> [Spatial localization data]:

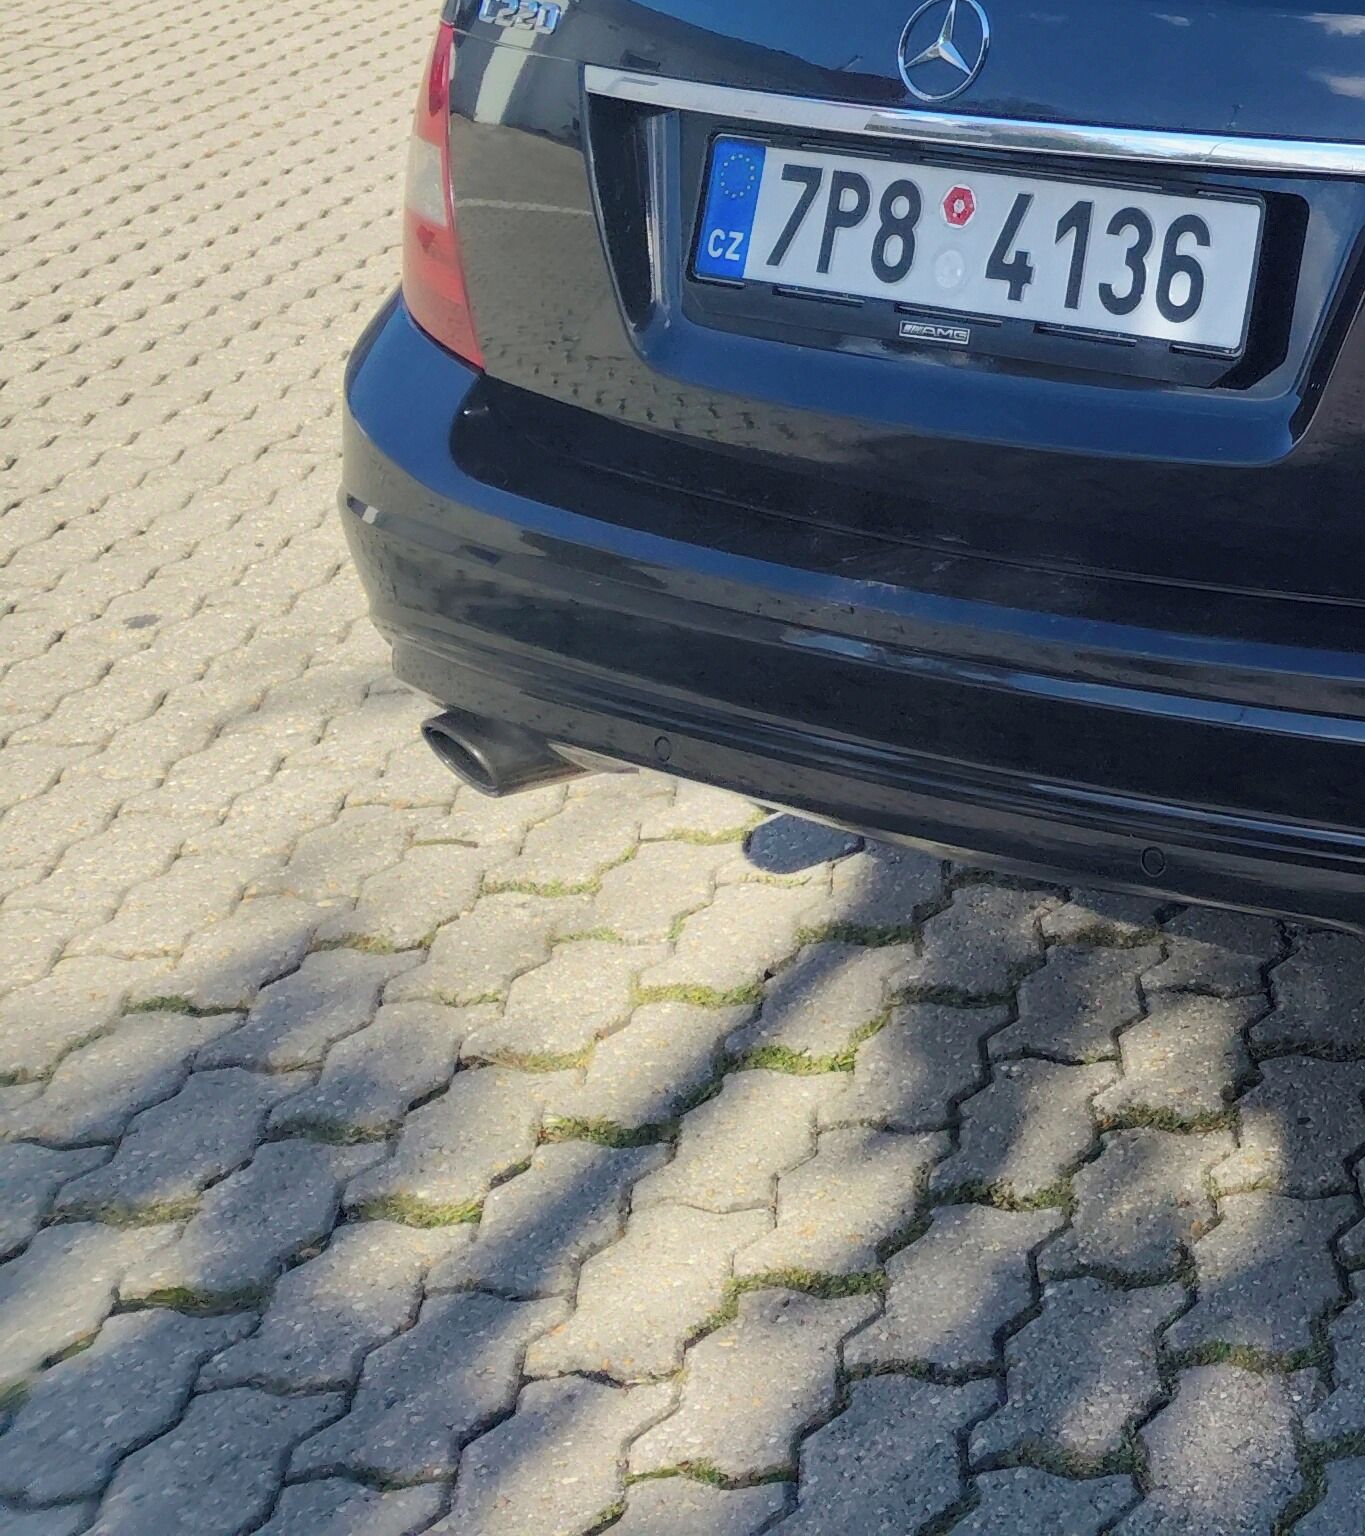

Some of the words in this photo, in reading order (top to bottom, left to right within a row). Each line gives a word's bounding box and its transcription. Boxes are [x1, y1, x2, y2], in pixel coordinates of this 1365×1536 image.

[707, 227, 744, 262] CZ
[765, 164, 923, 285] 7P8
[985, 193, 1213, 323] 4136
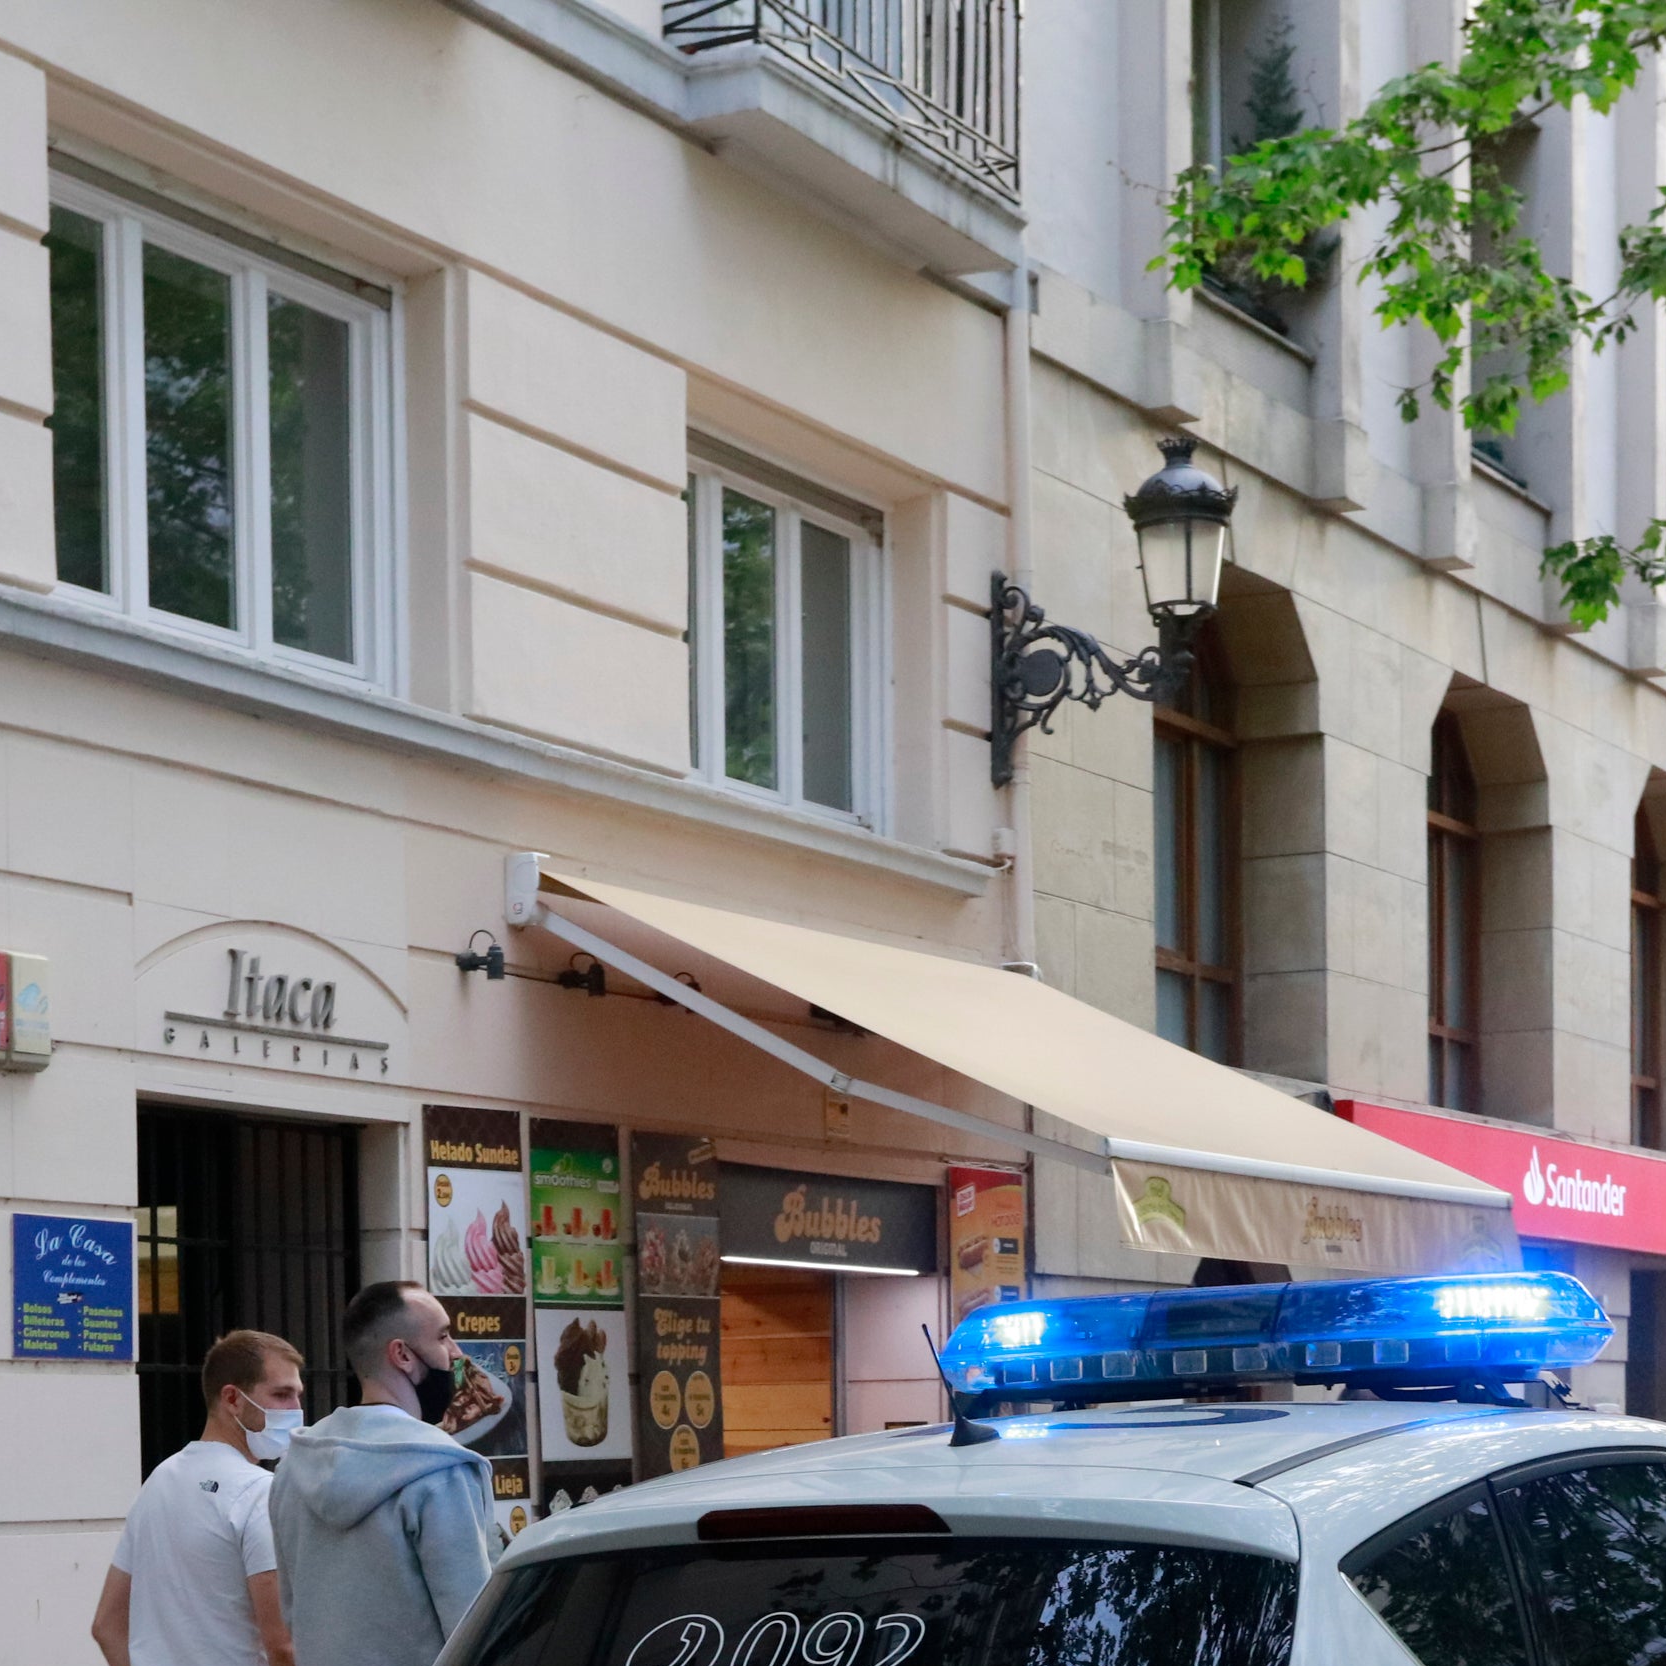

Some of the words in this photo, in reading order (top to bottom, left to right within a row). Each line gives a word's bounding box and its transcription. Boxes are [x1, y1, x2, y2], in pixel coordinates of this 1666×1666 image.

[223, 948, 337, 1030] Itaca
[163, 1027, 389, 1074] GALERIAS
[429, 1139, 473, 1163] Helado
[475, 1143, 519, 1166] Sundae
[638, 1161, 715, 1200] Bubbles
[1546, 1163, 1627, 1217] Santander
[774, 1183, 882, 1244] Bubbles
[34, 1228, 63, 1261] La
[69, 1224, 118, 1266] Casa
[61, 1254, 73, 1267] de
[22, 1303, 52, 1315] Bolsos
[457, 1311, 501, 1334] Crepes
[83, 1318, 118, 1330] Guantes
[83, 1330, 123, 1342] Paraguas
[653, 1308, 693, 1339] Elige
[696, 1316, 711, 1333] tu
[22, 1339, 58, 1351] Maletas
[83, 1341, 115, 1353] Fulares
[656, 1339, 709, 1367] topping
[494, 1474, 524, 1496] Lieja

> [Task goal]:
Set down the entries above exactly, and keep every picture out of your copy.

> [Output]:
Some of the words in this photo, in reading order (top to bottom, left to right within a row). Each line gives a word's bounding box and its transcription. Boxes are [x1, y1, x2, y2], in pixel coordinates of this 1365×1536 image.

[707, 227, 744, 262] CZ
[765, 164, 923, 285] 7P8
[985, 193, 1213, 323] 4136

Some of the words in this photo, in reading order (top to bottom, left to right within a row). Each line gives a word's bounding box and its transcription. Boxes are [x1, y1, x2, y2], in pixel coordinates of this 1666×1666 image.

[223, 948, 337, 1030] Itaca
[163, 1027, 389, 1074] GALERIAS
[429, 1139, 473, 1163] Helado
[475, 1143, 519, 1166] Sundae
[638, 1161, 715, 1200] Bubbles
[1546, 1163, 1627, 1217] Santander
[774, 1183, 882, 1244] Bubbles
[34, 1228, 63, 1261] La
[69, 1224, 118, 1266] Casa
[61, 1254, 73, 1267] de
[22, 1303, 52, 1315] Bolsos
[457, 1311, 501, 1334] Crepes
[83, 1318, 118, 1330] Guantes
[83, 1330, 123, 1342] Paraguas
[653, 1308, 693, 1339] Elige
[696, 1316, 711, 1333] tu
[22, 1339, 58, 1351] Maletas
[83, 1341, 115, 1353] Fulares
[656, 1339, 709, 1367] topping
[494, 1474, 524, 1496] Lieja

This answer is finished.